For other alternatives, see the R Project.

Make sure you have R installed and working before you install any R packages. You should be able to type R at the command line prompt and get into the R environment’s prompt; q() quits.

• Don’t use conda to install R. At the start of the course, we recommended installing anaconda to get a complete Python3 data science environment. In principle, you should also be able to use conda install to install R, BioConductor, and edgeR, using conda’s bioconda package channel. However, the R installation in anaconda currently appears to be broken. (I tried this way, and ended up having to completely delete anaconda and reinstall fresh.)

If you do try to install R and other R packages with anaconda and it doesn’t work (which is what happened to me), you can uninstall with:

  % conda uninstall r-base

• The reason to give you Lestrade’s R script is so you don’t have to learn any R right now. You’ll have to modify its steps in one obvious way, and for that you’ll probably want to read parts of the edgeR user’s guide.

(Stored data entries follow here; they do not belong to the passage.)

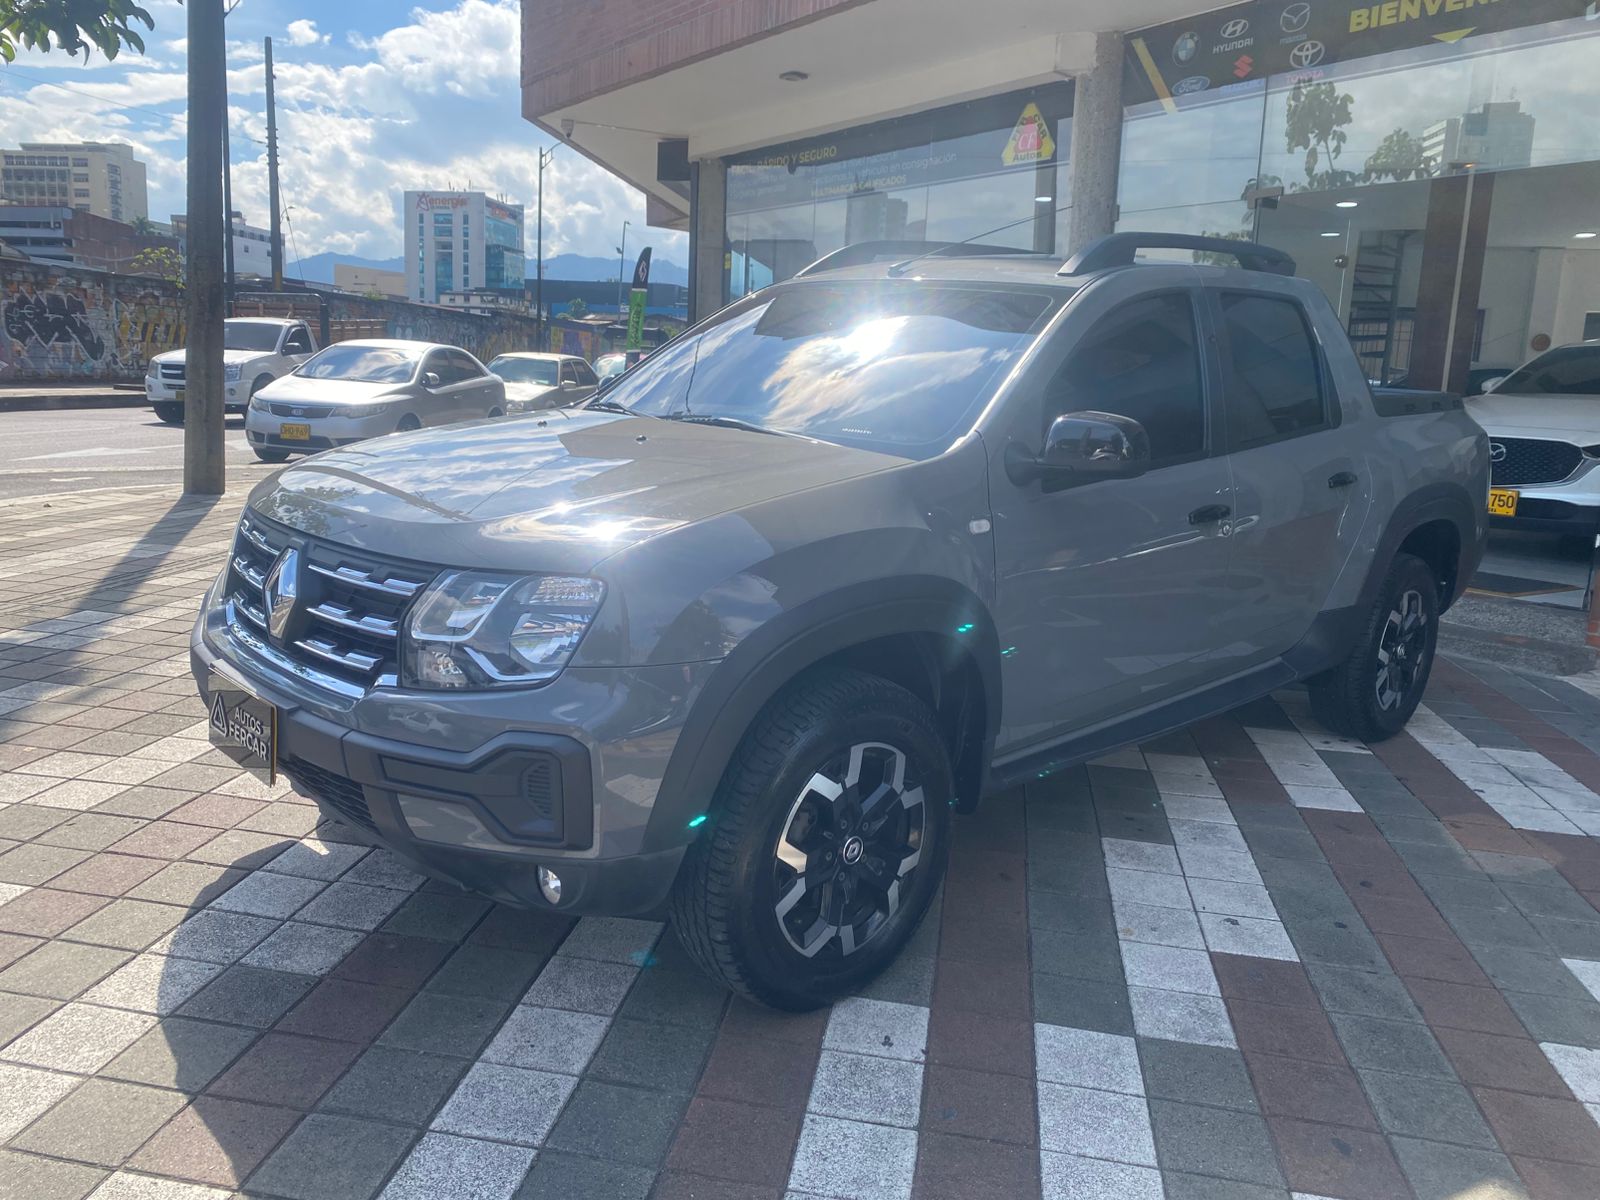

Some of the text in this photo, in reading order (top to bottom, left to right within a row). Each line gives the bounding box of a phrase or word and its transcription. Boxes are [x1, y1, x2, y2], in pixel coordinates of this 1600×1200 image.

[1212, 37, 1254, 55] HYUNDAI
[791, 153, 798, 164] Y
[799, 145, 837, 163] SEGURO
[1490, 493, 1515, 509] 750
[234, 707, 261, 735] AUTOS
[229, 720, 267, 761] FERCAR

• Although Lestrade’s input file has been lost, in another place on his computer you do find a different mydata.tbl of six samples from a completely different experiment, in a different tissue (i.e. all the gene expression levels are different in this file - it has nothing to do with the pset data!). If you’re having trouble getting edgeR to work, start by getting [Lestrade’s analyze_GL.R] script to work on this example mydata.tbl file. If you have that data file and Lestrade’s R script in your current directory this should work for you:

   Rscript analyze_GL.r


and it will create an output file myresult.out.

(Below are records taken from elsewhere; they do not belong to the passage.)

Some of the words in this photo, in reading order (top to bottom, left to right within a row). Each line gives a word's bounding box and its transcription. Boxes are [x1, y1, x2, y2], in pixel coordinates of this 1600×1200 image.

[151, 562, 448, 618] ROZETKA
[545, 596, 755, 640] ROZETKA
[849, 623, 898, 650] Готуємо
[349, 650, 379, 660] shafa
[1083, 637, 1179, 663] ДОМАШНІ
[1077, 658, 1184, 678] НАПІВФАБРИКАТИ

This is also a good way to make sure that you have R and edgeR installed and working correctly.

• Supposedly a better way to get R and Python to play together is to use rpy2 a Python module that provides a translation layer, allowing you to call R functionality directly from Python. However, I’ve been unable to get it to work. There’s at least one paper that uses rpy2 to run edgeR, but the code in that paper doesn’t run for me. I also tried another example that looked good and couldn’t get that to work either. If you want to have a go at it, more power to you!

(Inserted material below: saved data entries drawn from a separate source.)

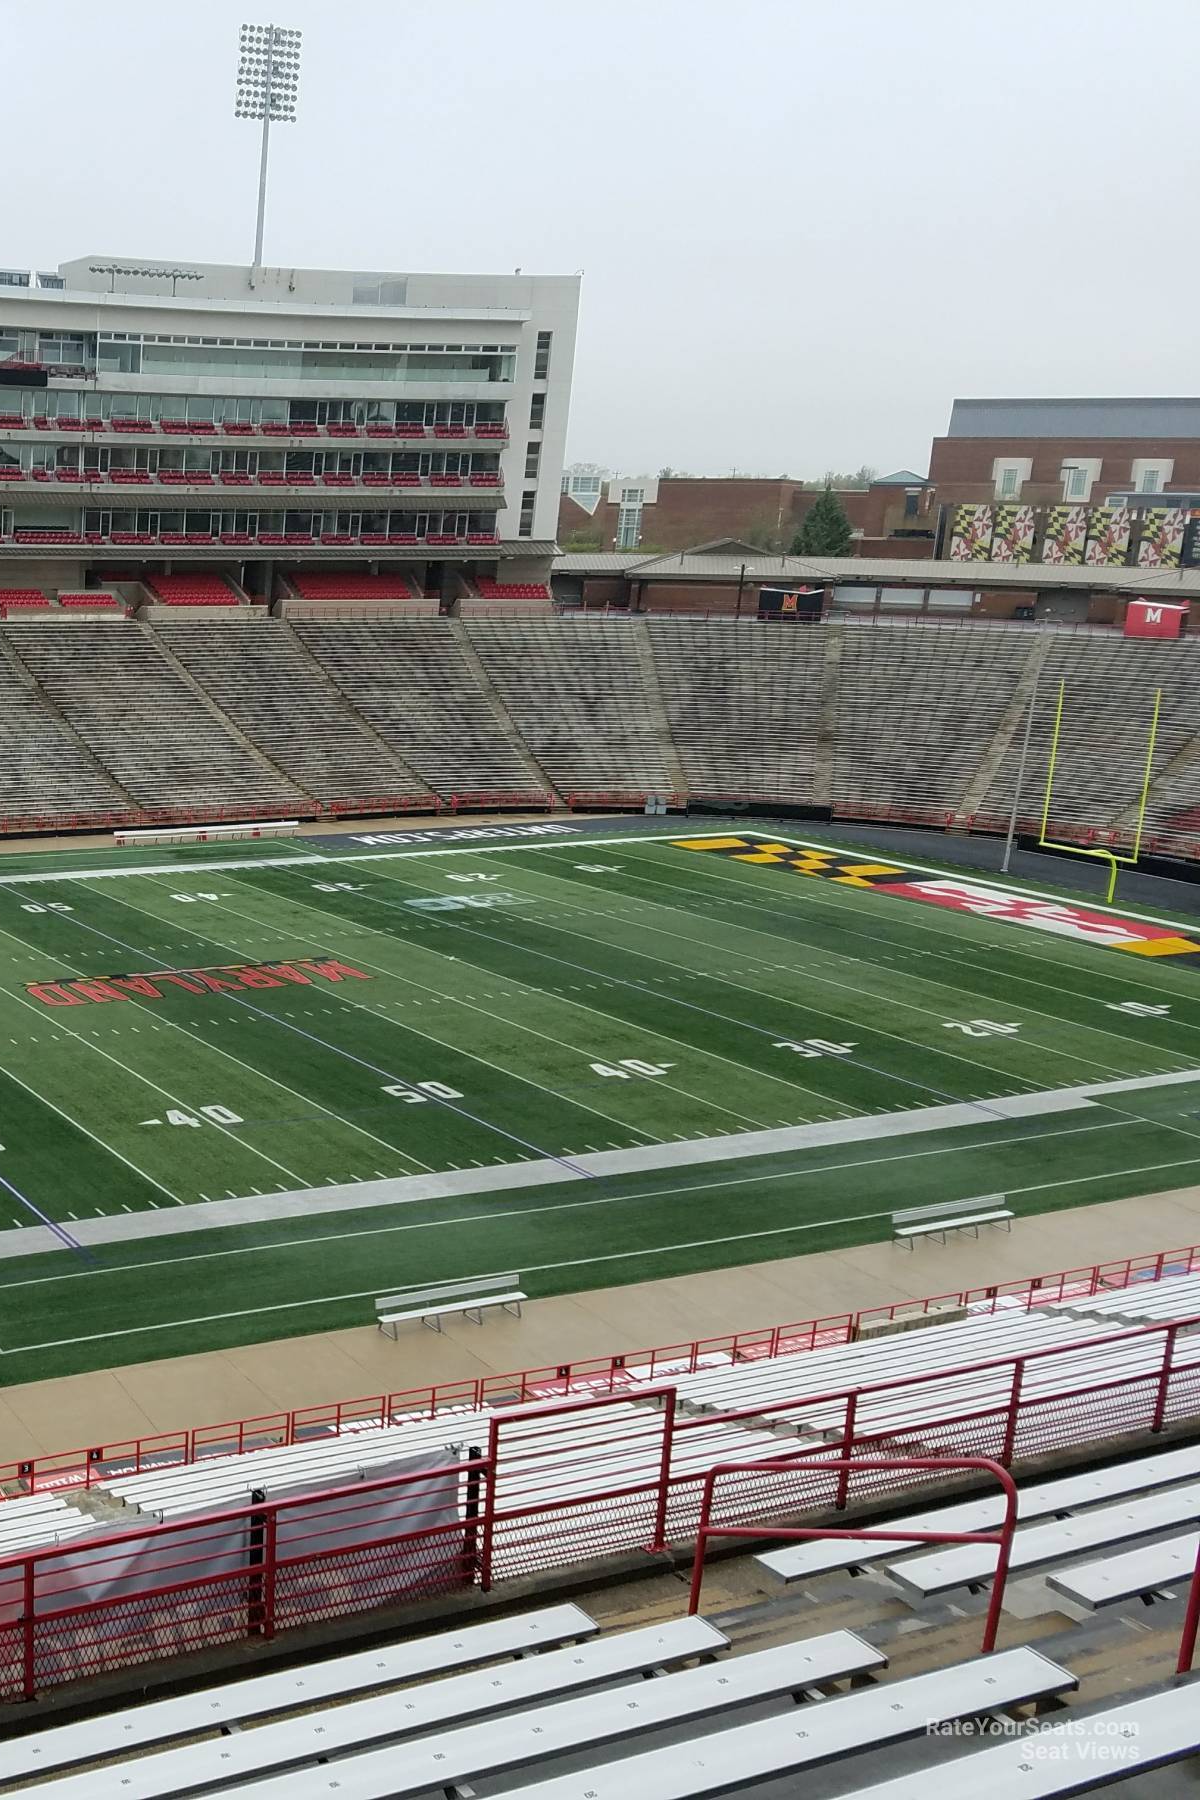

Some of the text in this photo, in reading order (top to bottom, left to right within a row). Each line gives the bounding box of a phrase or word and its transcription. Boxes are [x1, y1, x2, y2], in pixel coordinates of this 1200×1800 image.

[1145, 608, 1162, 623] M
[25, 959, 377, 1006] MARYLAND
[771, 1038, 853, 1058] 30
[589, 1059, 669, 1079] 40
[380, 1081, 464, 1103] 50
[165, 1104, 244, 1127] 40

• If you’re on a machine with a unixy command line tools, you can use join to concatenate any pair of Lestrade’s data files to create the input file you need for a differential gene expression analysis with edgeR. For example:

   join -t $'\t' w08-data.1 w08-data.2 > merged.12  is an incantation that takes the two three-sample files w08-data.1 and w08-data.2 as input, and outputs one merged line for each corresponding line pair in the two files: the first field (the gene name, the join field), followed by the data columns of file1, followed by the data columns of file2. The -t$'\t' option says to output the merged data as tab-delimited data; the funny-looking \$'\t' is a trick called ANSI quoting.

Of course if that’s too weird looking for you, you can always whip up some Python to read the two input files and output the merged file you want.

• Part 4 may be maddeningly vague, but I don’t want to totally give the ‘puzzle’ away either; so here’s some hints.

• Look at the log fold changes for the most significantly changed genes; this might give you an idea of what’s going on.
• Consult the edgeR user’s guide.
• Remember everything we keep saying about what RNA-seq experiments measure in an RNA population.
• You could do a differential expression analysis of all six wt samples against the three mutant samples, of course – though I’m not asking for that in the pset, because the questions are semi-artificially arranged around analyses of three replicates each of wt and mutant.